§ Requirement
Repeat each entry below exactly, omitting any picture it holds.

§ Dataset records
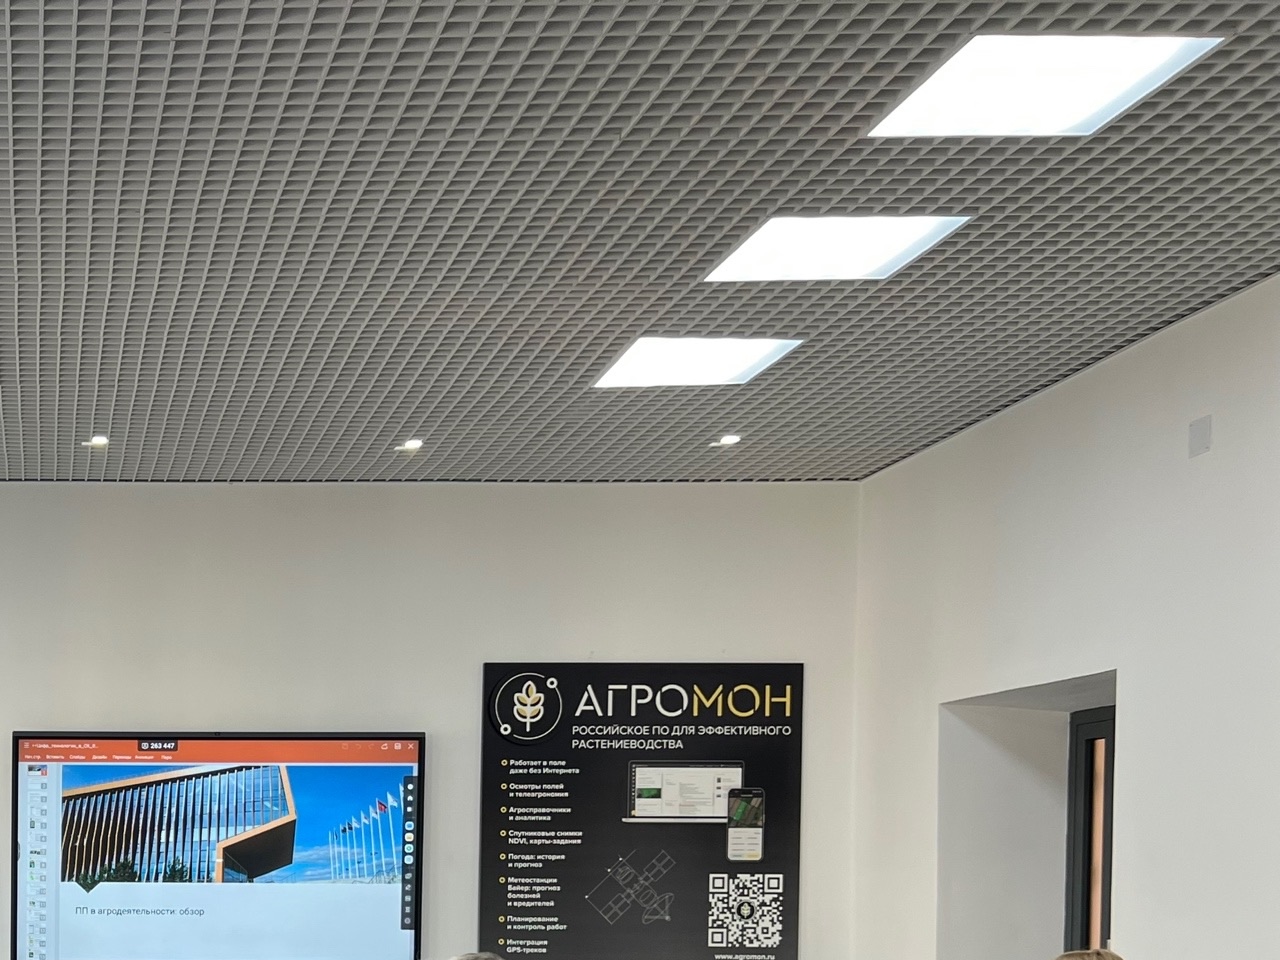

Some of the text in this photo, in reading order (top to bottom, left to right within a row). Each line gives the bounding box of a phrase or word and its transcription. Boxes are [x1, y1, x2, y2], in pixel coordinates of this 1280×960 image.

[574, 684, 791, 718] АГРОМОН
[572, 724, 791, 737] РОССИЙСКОЕ ПО ДЛЯ ЭФФЕКТИВНОГО
[571, 739, 684, 750] РАСТЕНИЕВОДСТВА
[508, 806, 572, 814] Агросправочники
[75, 907, 88, 915] ПП
[179, 907, 205, 917] обзор
[507, 915, 559, 923] Планирование
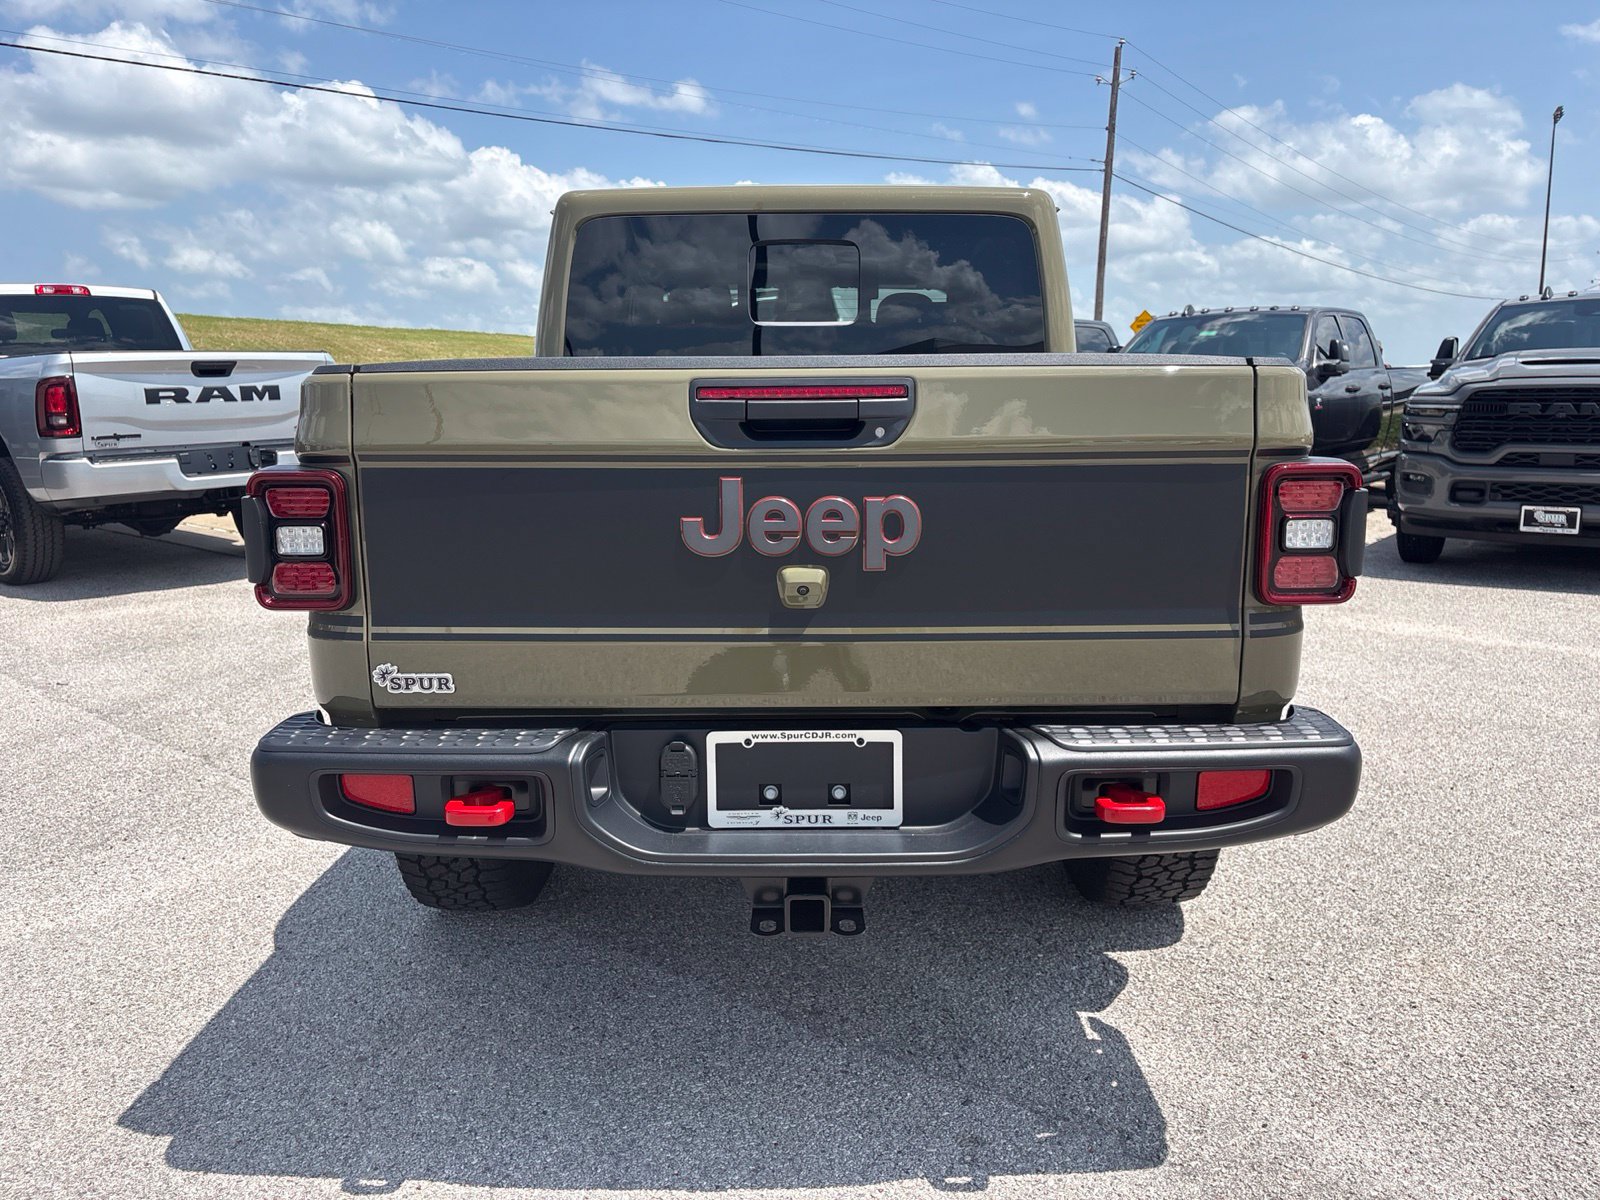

§ Response to this exercise
Some of the text in this photo, in reading order (top to bottom, left to right within a row). Each line gives the bounding box of a phrase or word and its transcription. Boxes are [x1, y1, x2, y2], in pixel coordinates of this 1280×960 image.

[574, 684, 791, 718] АГРОМОН
[572, 724, 791, 737] РОССИЙСКОЕ ПО ДЛЯ ЭФФЕКТИВНОГО
[571, 739, 684, 750] РАСТЕНИЕВОДСТВА
[508, 806, 572, 814] Агросправочники
[75, 907, 88, 915] ПП
[179, 907, 205, 917] обзор
[507, 915, 559, 923] Планирование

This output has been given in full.